§ The task
Could you return every record below word for word, leaving out the pictures?

%%

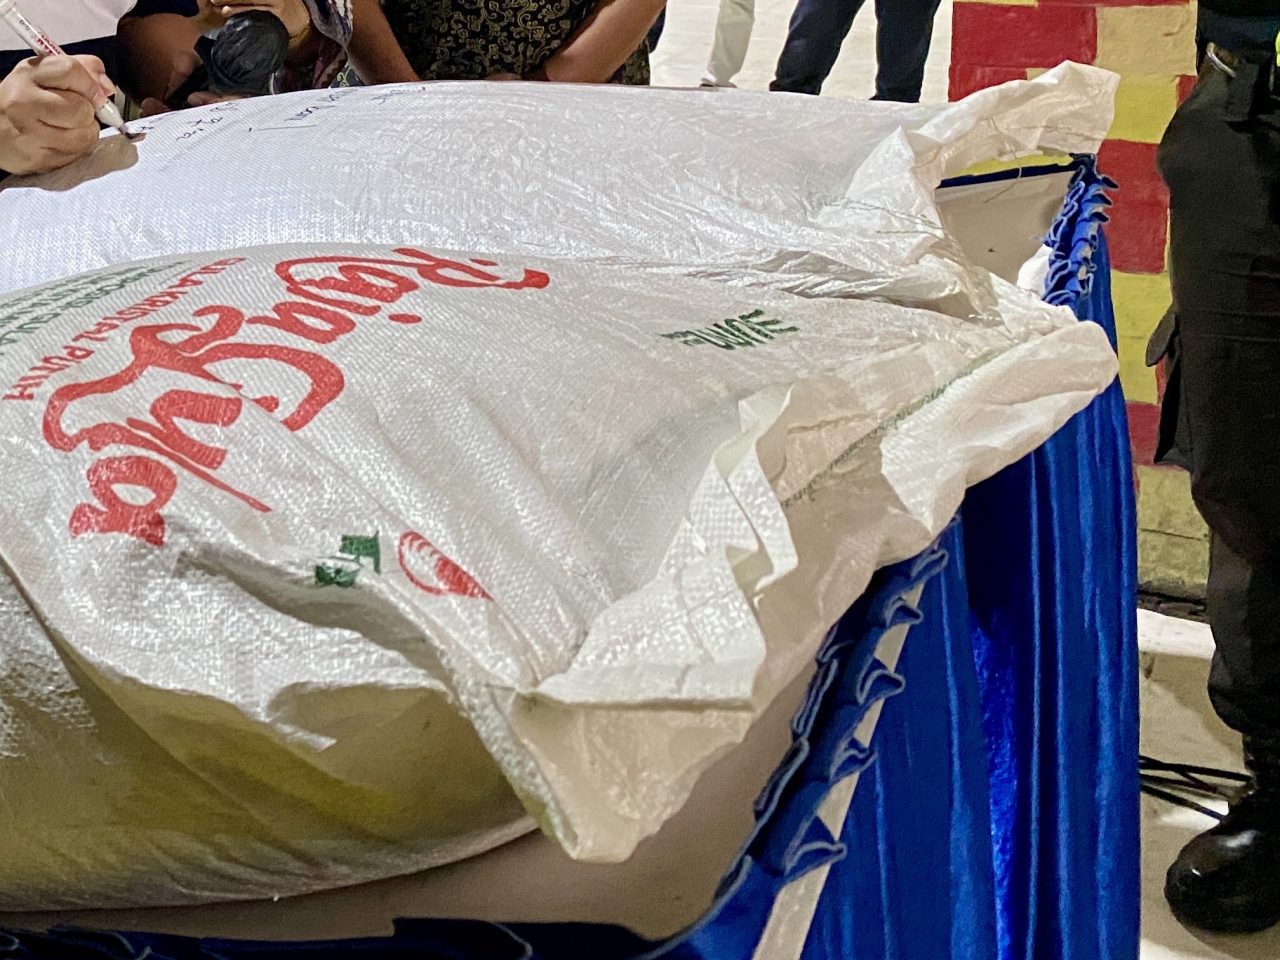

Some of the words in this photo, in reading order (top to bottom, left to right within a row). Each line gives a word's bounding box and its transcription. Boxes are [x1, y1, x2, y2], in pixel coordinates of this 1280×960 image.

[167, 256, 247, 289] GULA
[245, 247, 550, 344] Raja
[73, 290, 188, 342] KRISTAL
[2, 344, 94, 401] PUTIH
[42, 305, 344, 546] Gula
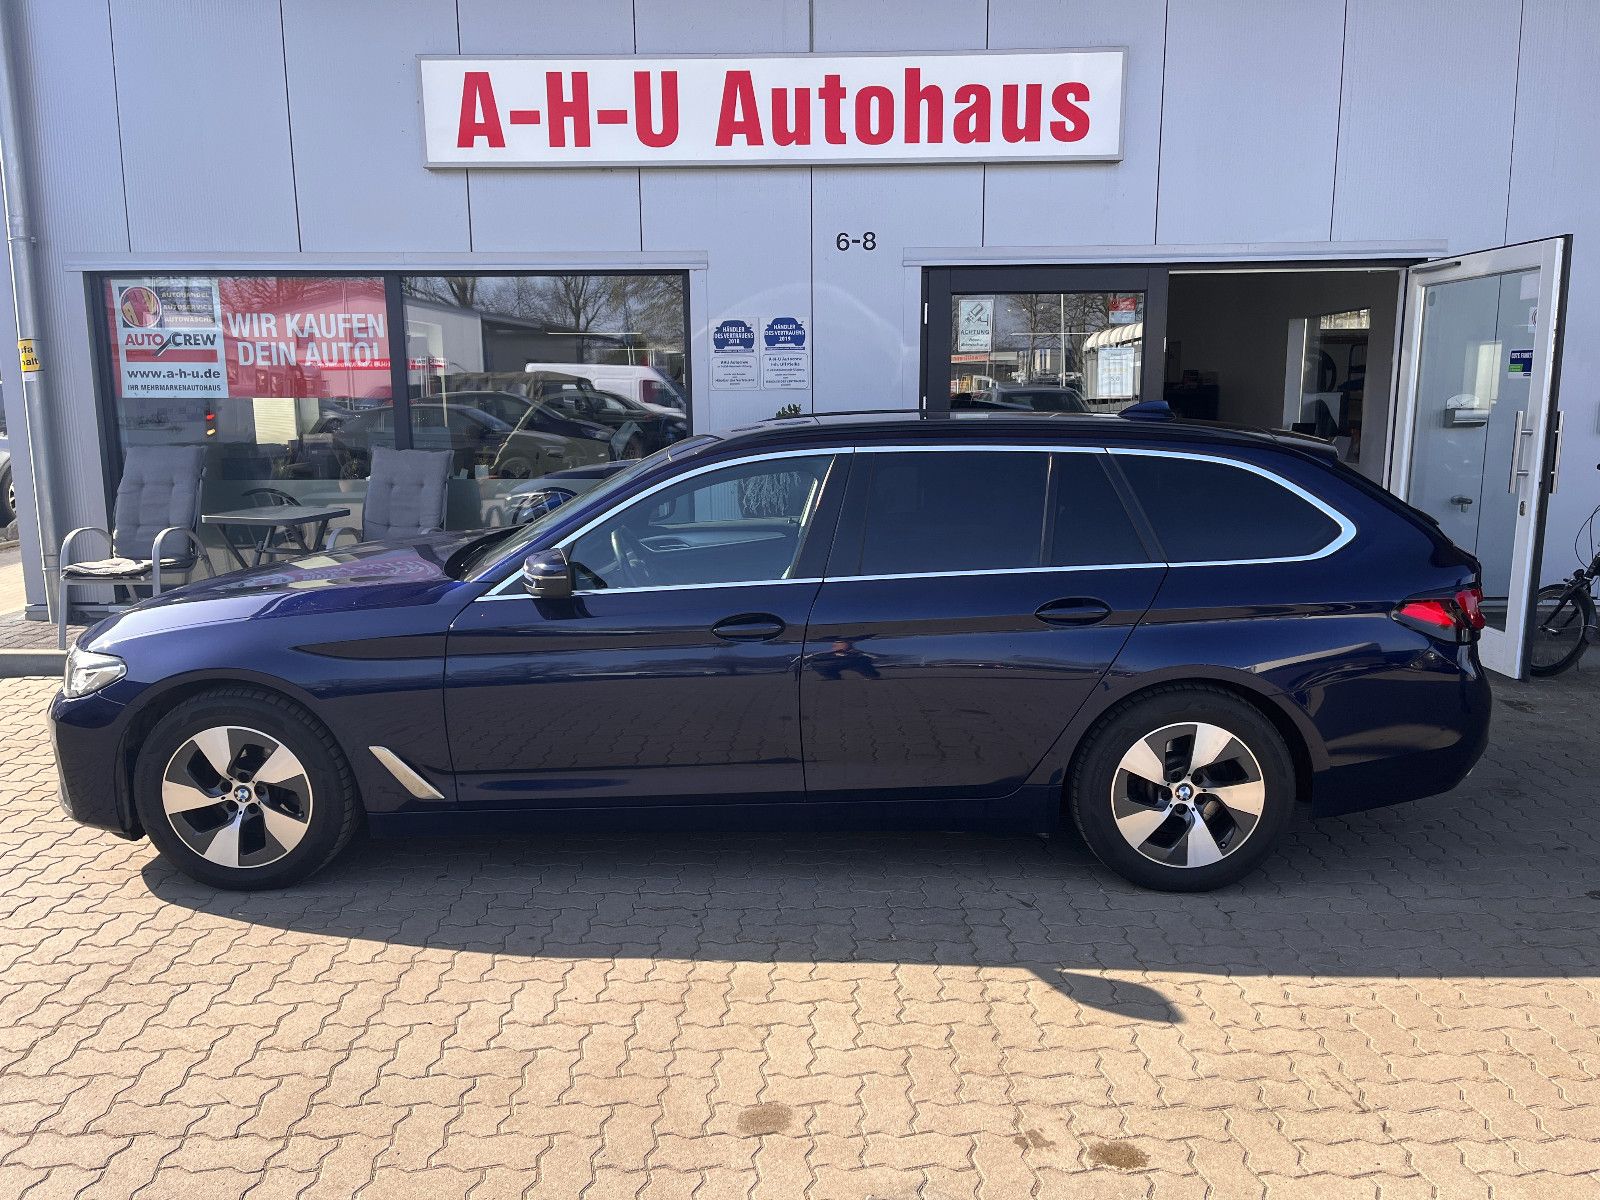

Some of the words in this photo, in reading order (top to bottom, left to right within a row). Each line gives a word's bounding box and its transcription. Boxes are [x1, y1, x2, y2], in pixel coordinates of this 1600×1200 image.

%%

§ Result of the exercise
Some of the words in this photo, in reading order (top to bottom, left to right within a row). Each line gives a word's bounding box and its transcription. Boxes are [x1, y1, x2, y2], in pixel coordinates of this 1280×960 image.

[167, 256, 247, 289] GULA
[245, 247, 550, 344] Raja
[73, 290, 188, 342] KRISTAL
[2, 344, 94, 401] PUTIH
[42, 305, 344, 546] Gula

Some of the words in this photo, in reading order (top to bottom, left to right within a row). Each line gives a word's bounding box and its transcription. Boxes are [x1, y1, x2, y2], in pixel coordinates of this 1600×1200 image.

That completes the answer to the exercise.